Desde que somos pequenos, sonhamos não na
nossa profissão, mas no que “queremos ser”. Nem sabemos o que significa uma
“profissão”, muito menos ser pago por isso.
Existem
milhares de profissões. E quase todas delas não fazem parte do círculo das
“profissões mais legais do mundo”. E você sabe do que eu estou falando...
Ninguém
com 2 anos de idade acordou e disse “papai! Mamãe! Quero ser contador!”. Ou
fazer um desenho na escola dele próprio no futuro sentado na frente de um
computador, olhando pasmo para a tela.
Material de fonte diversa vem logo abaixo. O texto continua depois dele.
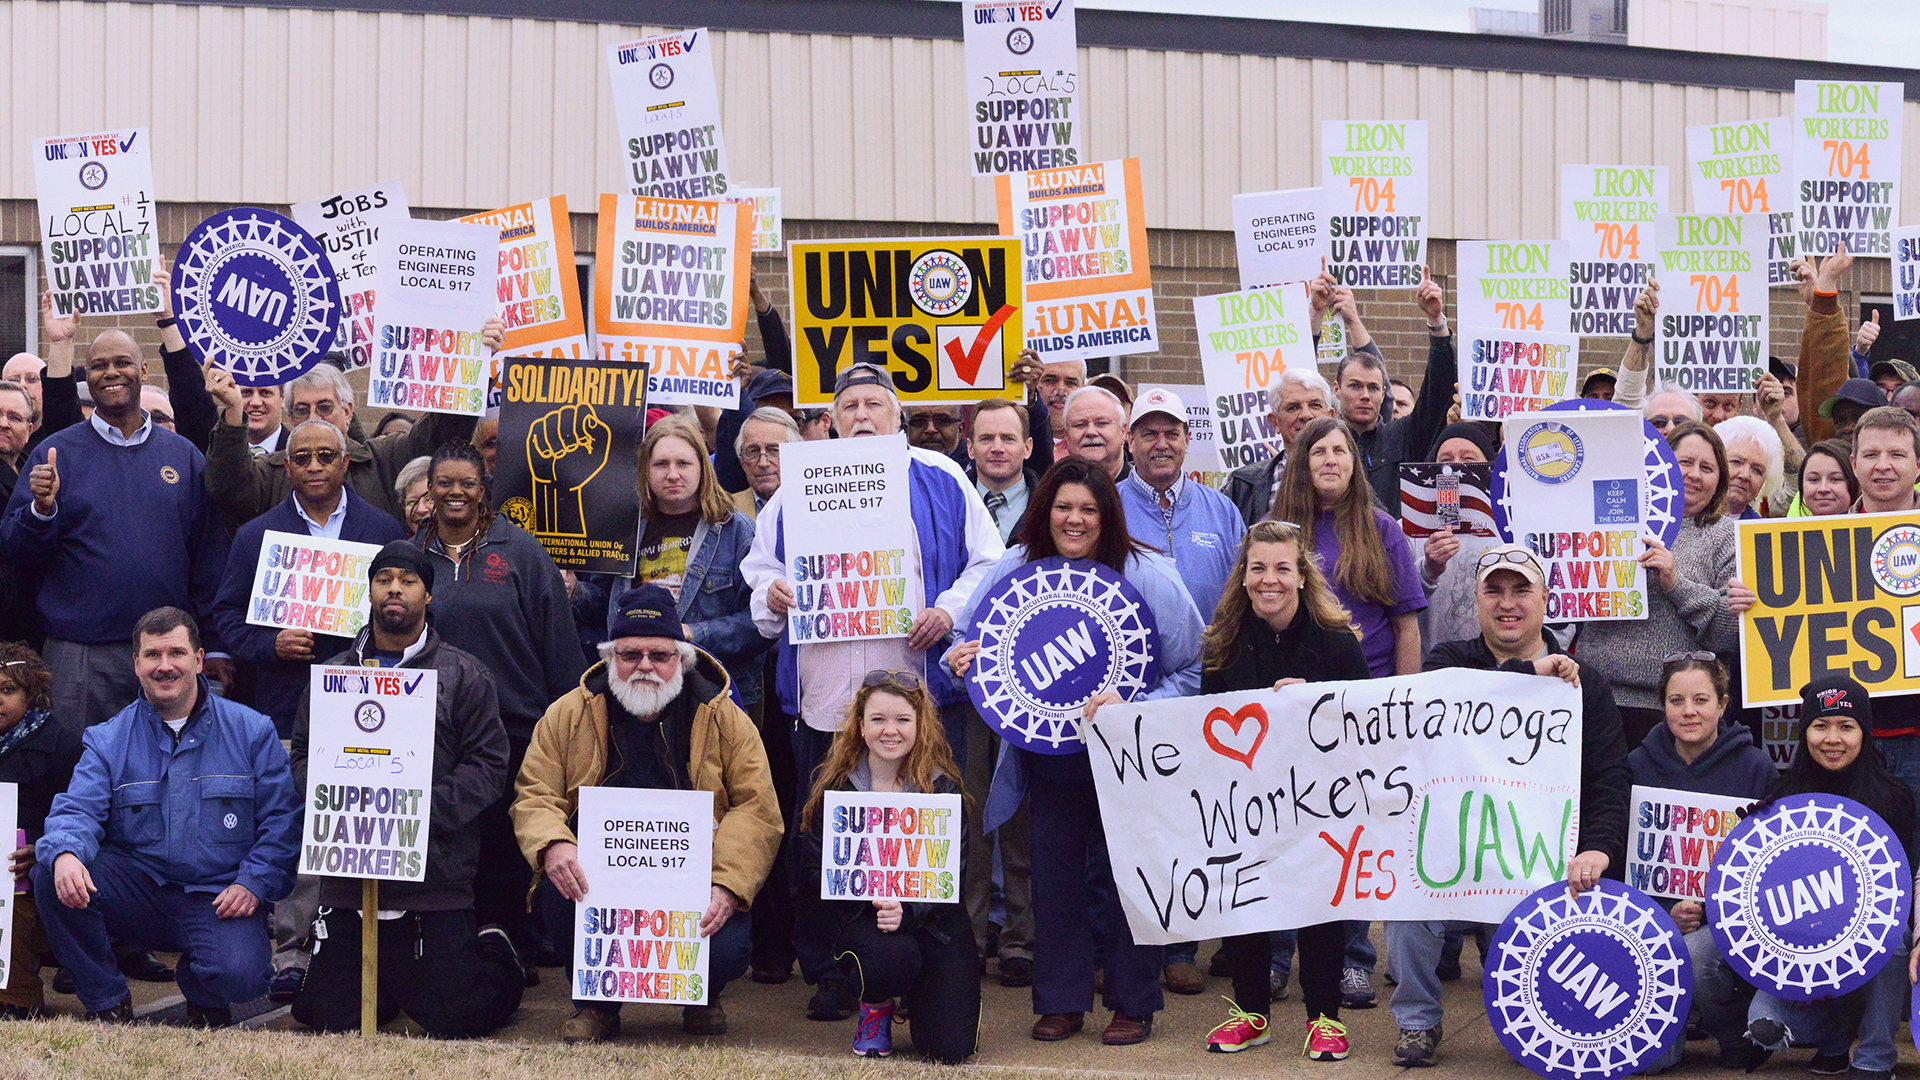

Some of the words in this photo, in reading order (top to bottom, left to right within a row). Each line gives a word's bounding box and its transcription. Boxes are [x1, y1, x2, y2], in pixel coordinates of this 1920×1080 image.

[1020, 6, 1042, 21] YES
[659, 40, 680, 57] YES
[983, 76, 1058, 97] LOCAL
[1816, 84, 1880, 114] IRON
[976, 97, 1072, 123] SUPPORT
[628, 124, 715, 160] SUPPORT
[978, 122, 1072, 149] UAWVW
[1345, 124, 1406, 152] IRON
[1710, 122, 1770, 155] IRON
[1803, 118, 1888, 140] WORKERS
[92, 139, 116, 156] YES
[974, 148, 1078, 174] WORKERS
[1824, 140, 1870, 179] 704
[1028, 167, 1104, 190] LiUNA!
[1328, 156, 1412, 176] WORKERS
[1697, 154, 1781, 180] WORKERS
[1029, 188, 1061, 199] BUILDS
[1062, 184, 1104, 194] AMERICA
[1350, 177, 1396, 213] 704
[1592, 168, 1655, 196] IRON
[1720, 178, 1770, 214] 704
[1800, 180, 1893, 204] SUPPORT
[320, 190, 388, 219] JOBS
[637, 200, 716, 224] LiUNA!
[1021, 199, 1119, 231] SUPPORT
[1573, 202, 1658, 222] WORKERS
[49, 210, 133, 237] LOCAL
[336, 216, 366, 233] with
[635, 220, 670, 231] BUILDS
[671, 222, 716, 234] AMERICA
[1252, 212, 1315, 228] OPERATING
[1254, 224, 1317, 240] ENGINEERS
[1330, 216, 1421, 238] SUPPORT
[1676, 216, 1742, 246] IRON
[51, 233, 150, 264] SUPPORT
[399, 244, 476, 261] OPERATING
[1023, 224, 1120, 257] UAWVW
[1258, 241, 1295, 253] LOCAL
[1297, 238, 1315, 249] 917
[1594, 223, 1640, 260] 704
[1798, 231, 1890, 254] WORKERS
[352, 250, 368, 262] of
[398, 260, 475, 276] ENGINEERS
[622, 240, 726, 270] SUPPORT
[1486, 244, 1550, 274] IRON
[1660, 250, 1750, 272] WORKERS
[54, 259, 152, 290] UAWVW
[400, 276, 446, 290] LOCAL
[449, 280, 470, 292] 917
[622, 267, 726, 299] UAWVW
[805, 248, 1006, 320] UNION
[930, 278, 950, 289] UAW
[1328, 264, 1422, 286] WORKERS
[54, 286, 159, 315] WORKERS
[216, 272, 288, 327] UAW
[1479, 278, 1569, 300] WORKERS
[1690, 274, 1740, 313] 704
[615, 295, 728, 326] WORKERS
[1216, 289, 1284, 326] IRON
[1495, 302, 1544, 330] 704
[380, 324, 483, 356] SUPPORT
[1078, 327, 1152, 348] AMERICA
[1208, 322, 1298, 354] WORKERS
[1662, 315, 1762, 338] SUPPORT
[803, 324, 932, 394] YES
[1472, 339, 1570, 368] SUPPORT
[1236, 348, 1287, 390] 704
[374, 380, 482, 412] WORKERS
[508, 364, 644, 407] SOLIDARITY!
[660, 378, 734, 398] AMERICA
[1196, 432, 1214, 440] 917
[804, 463, 885, 479] OPERATING
[805, 480, 886, 496] ENGINEERS
[809, 498, 856, 512] LOCAL
[860, 497, 883, 508] 917
[536, 538, 587, 548] INTERNATIONAL
[590, 540, 612, 548] UNION
[577, 549, 600, 557] ALLIED
[1525, 531, 1637, 558] SUPPORT
[267, 544, 372, 580] SUPPORT
[794, 549, 904, 582] SUPPORT
[1894, 554, 1917, 567] UAW
[1016, 593, 1060, 618] AGRICULTURAL
[1063, 592, 1100, 610] IMPLEMENT
[254, 597, 364, 634] WORKERS
[792, 608, 913, 640] WORKERS
[1006, 619, 1016, 634] AND
[1100, 610, 1121, 640] WORKERS
[1020, 620, 1097, 690] UAW
[1118, 643, 1123, 652] OF
[1753, 607, 1897, 690] YES
[1110, 656, 1121, 686] AMERICA
[374, 677, 400, 695] YES
[1816, 688, 1838, 698] UNION
[1038, 710, 1064, 718] UNITED
[1094, 714, 1181, 785] We
[1307, 687, 1572, 766] Chattanooga
[314, 784, 422, 815] SUPPORT
[1192, 765, 1414, 849] Workers
[313, 814, 420, 848] UAWVW
[604, 820, 690, 833] OPERATING
[832, 806, 952, 835] SUPPORT
[604, 838, 690, 850] ENGINEERS
[833, 837, 950, 868] UAWVW
[1774, 830, 1826, 846] AGRICULTURAL
[1828, 833, 1862, 859] IMPLEMENT
[306, 845, 421, 877] WORKERS
[608, 856, 657, 868] LOCAL
[662, 856, 686, 868] 917
[1136, 852, 1270, 933] VOTE
[1318, 824, 1396, 906] YES
[1416, 790, 1572, 890] UAW
[826, 869, 954, 899] WORKERS
[1765, 865, 1844, 926] UAW
[584, 906, 701, 938] SUPPORT
[1522, 978, 1530, 1004] UNITED
[1552, 916, 1592, 932] AEROSPACE
[1614, 924, 1649, 966] AGRICULTURAL
[578, 969, 704, 1002] WORKERS
[1548, 943, 1630, 1019] UAW
Ou pediu na cartinha do Papai Noel uma
vassoura e uma pá.
O
que deixa bem claro que a profissão difere muitas vezes do que “queremos ser”.
Pra fazer uma lista rápida, quando criança eu queria:
- - trabalhar num caminhão de lixo
- - ser dono de uma banca de
revista e jornal (mal sabia da era da tecnologia que viria)
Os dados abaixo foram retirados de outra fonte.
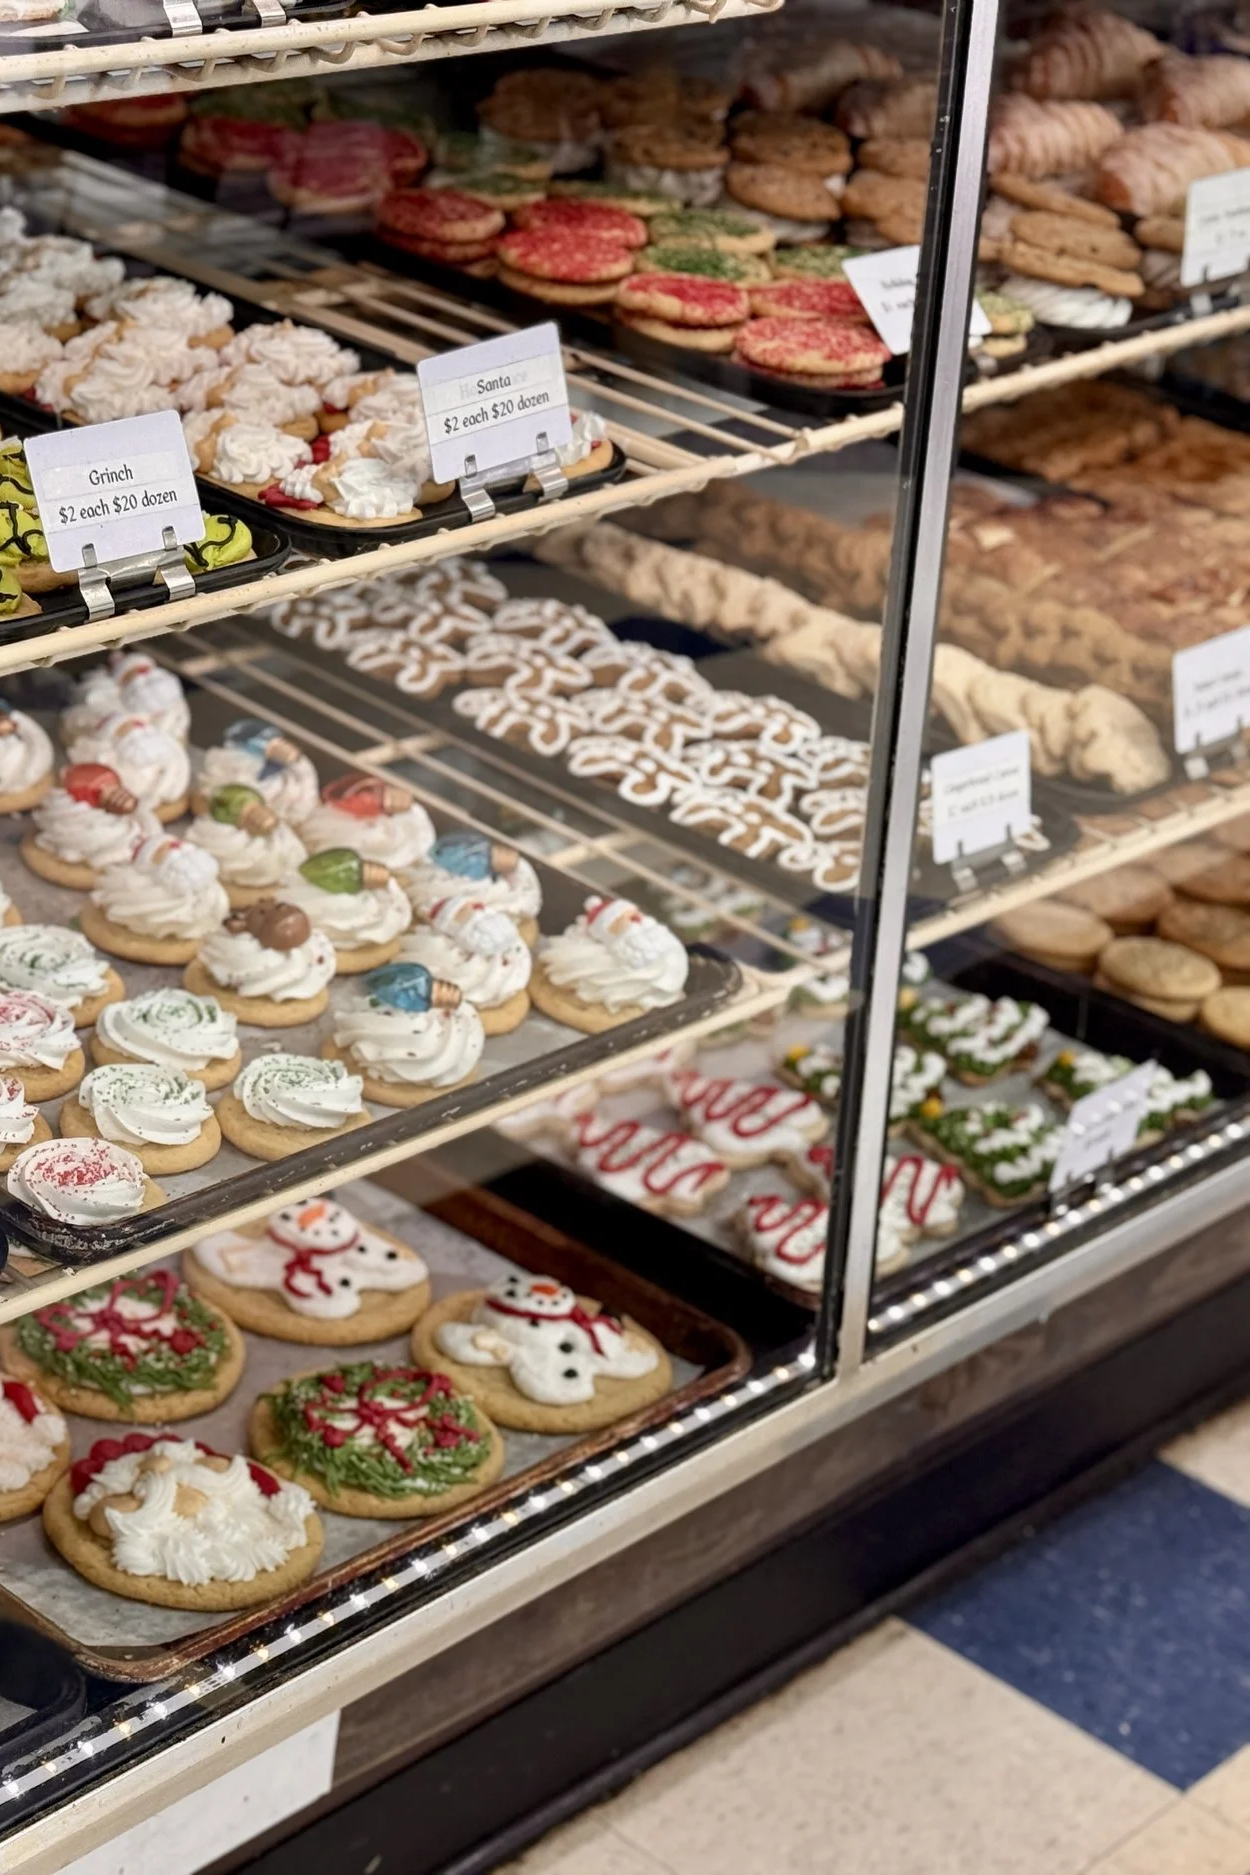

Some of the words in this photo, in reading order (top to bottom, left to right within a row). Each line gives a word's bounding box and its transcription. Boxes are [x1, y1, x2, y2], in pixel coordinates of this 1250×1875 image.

[477, 376, 511, 394] Santa
[444, 413, 459, 434] $2
[462, 407, 489, 427] each
[491, 401, 514, 420] $20
[518, 391, 549, 411] dozen
[89, 464, 133, 486] Grinch
[59, 505, 76, 525] $2
[80, 498, 110, 519] each
[113, 494, 138, 514] $20
[141, 489, 177, 507] dozen
- - viver dentro de um filme (não
estou falando de Godard, estou falando de Missão Impossível)
- - Dirigir um ônibus para levar
todos para todos os lugares
- - Explorador
- - Paleontólogo (não sabia falar
essa palavra, mas queria achar ossos de dinossauro no chão – preferencialmente
em casa)
- - Criador de tatu-bola (ou pelo
menos ter um como meu grande amigo)
Claramente não sou
nenhuma das opções citadas acima. Mas de repente seria bom pensar o porquê eu
era atraído por essas coisas e encontrar de fato não uma profissão, mas algo
que deixará de “querer ser” para “ser”. Encontrar na sua versão adulto um
respiro do que queria ser quando criança.